November 17, 2017
The direct detection of gravitational waves by the LIGO Observatory in 2015 opened an entirely new window for us to study the universe. While the first gravitational wave detections were from the merger of two black holes, we have been anxiously awaiting the first detection of merging neutron stars, as these were thought to be promising candidates of electromagnetic radiation. Sure enough, on 17 August 2017, LIGO and Virgo observed a gravitational wave signal from a binary neutron star system. Nearly two seconds later, a short gamma-ray burst was observed by the Fermi satellite, and the era of multi-messenger astrophysics was spawned. Here I'll describe this remarkable set of observations, from which we were not only able to solve the mystery of the origin of short gamma-ray bursts, but also the dominant source of heavy element formation in the Universe.

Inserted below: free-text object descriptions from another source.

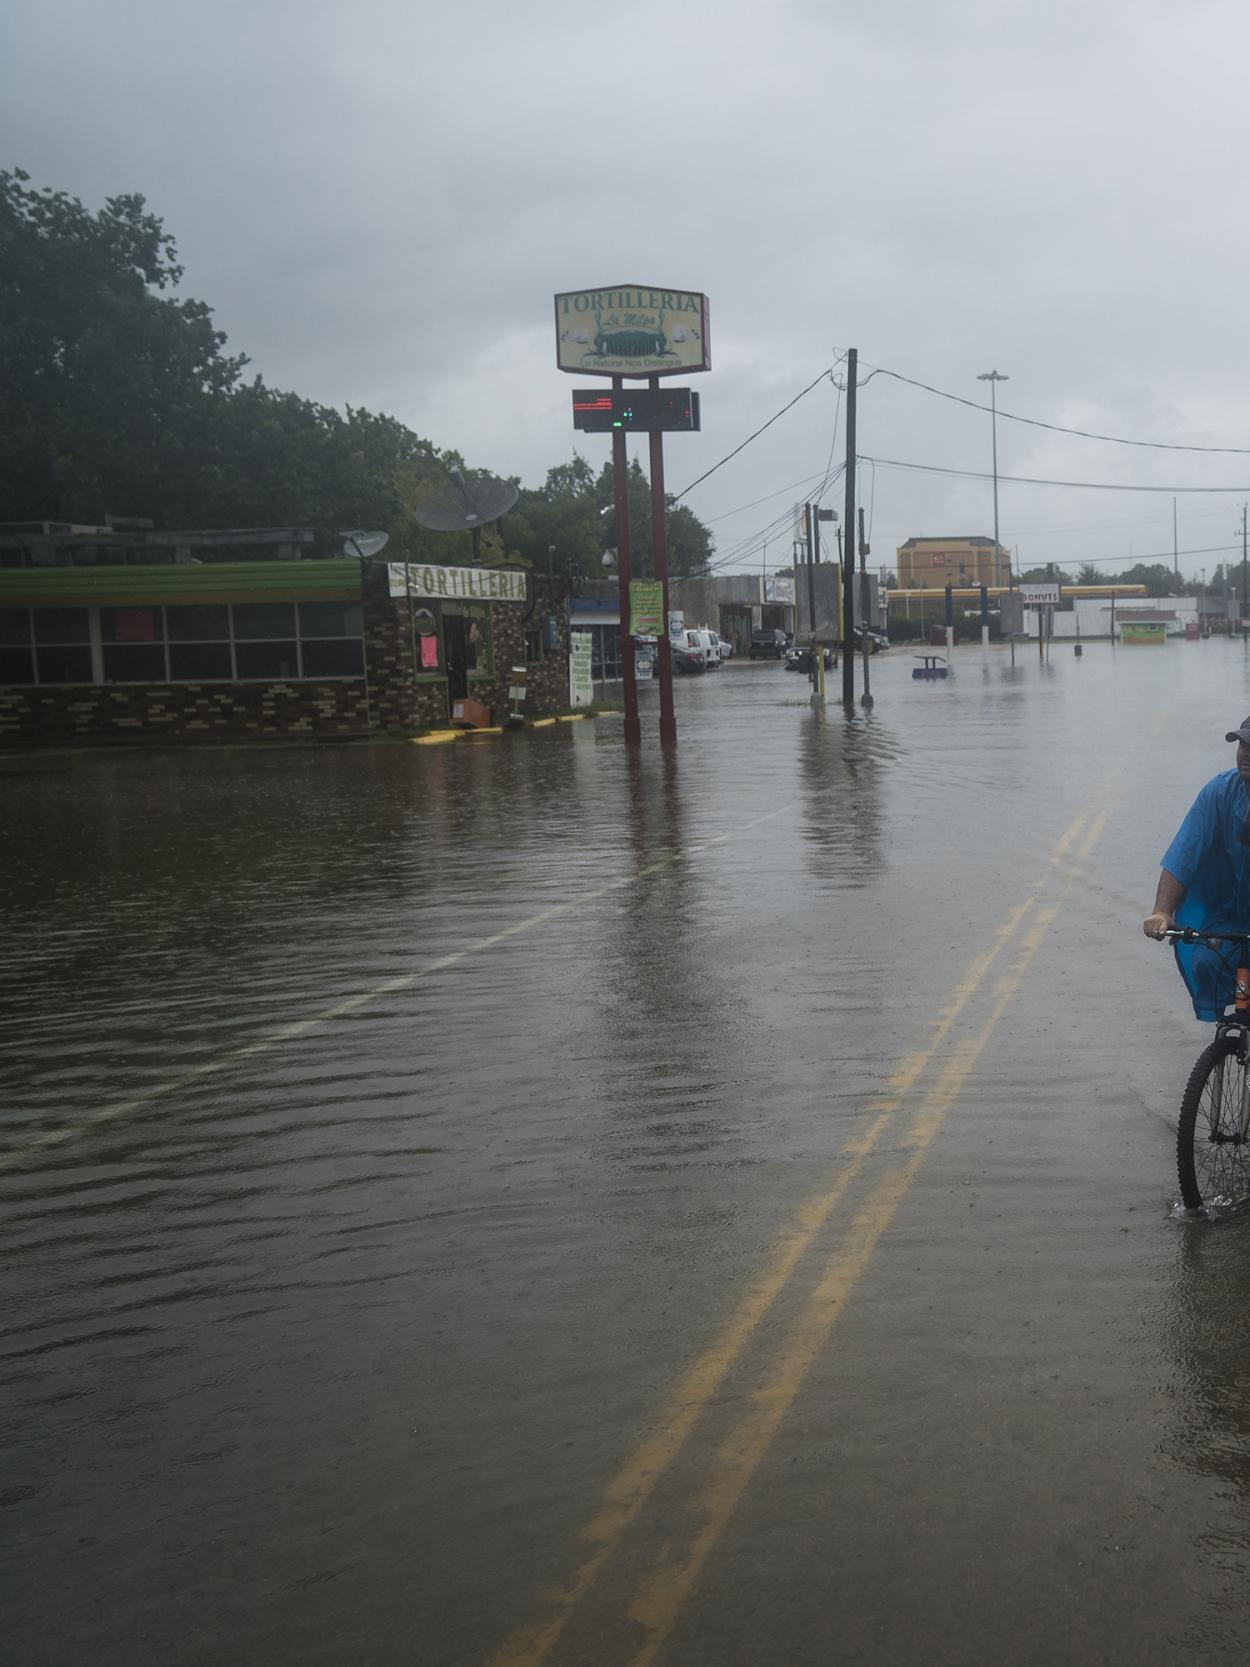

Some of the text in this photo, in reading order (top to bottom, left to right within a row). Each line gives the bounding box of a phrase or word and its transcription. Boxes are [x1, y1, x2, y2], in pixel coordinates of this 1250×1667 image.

[561, 290, 699, 313] TORTILLERIA
[593, 359, 623, 368] Natural
[625, 359, 642, 368] Nos
[644, 358, 682, 369] Distingue
[409, 566, 526, 598] TORTILLERIA
[1023, 592, 1058, 602] DONUTS

Brad Cenko is a Research Astrophysicist at the NASA Goddard Space Flight Center in Greenbelt, MD, as well as an Adjunct Assistant Professor in the Department of Astronomy at the University of Maryland, College Park. His research interests are varied but largely fall under the rubric of observational time-domain astronomy, including gamma-ray bursts, supernovae, and tidal disruption flares. He is also intent on developing instrumentation and software to enable novel observations of such time variable phenomena.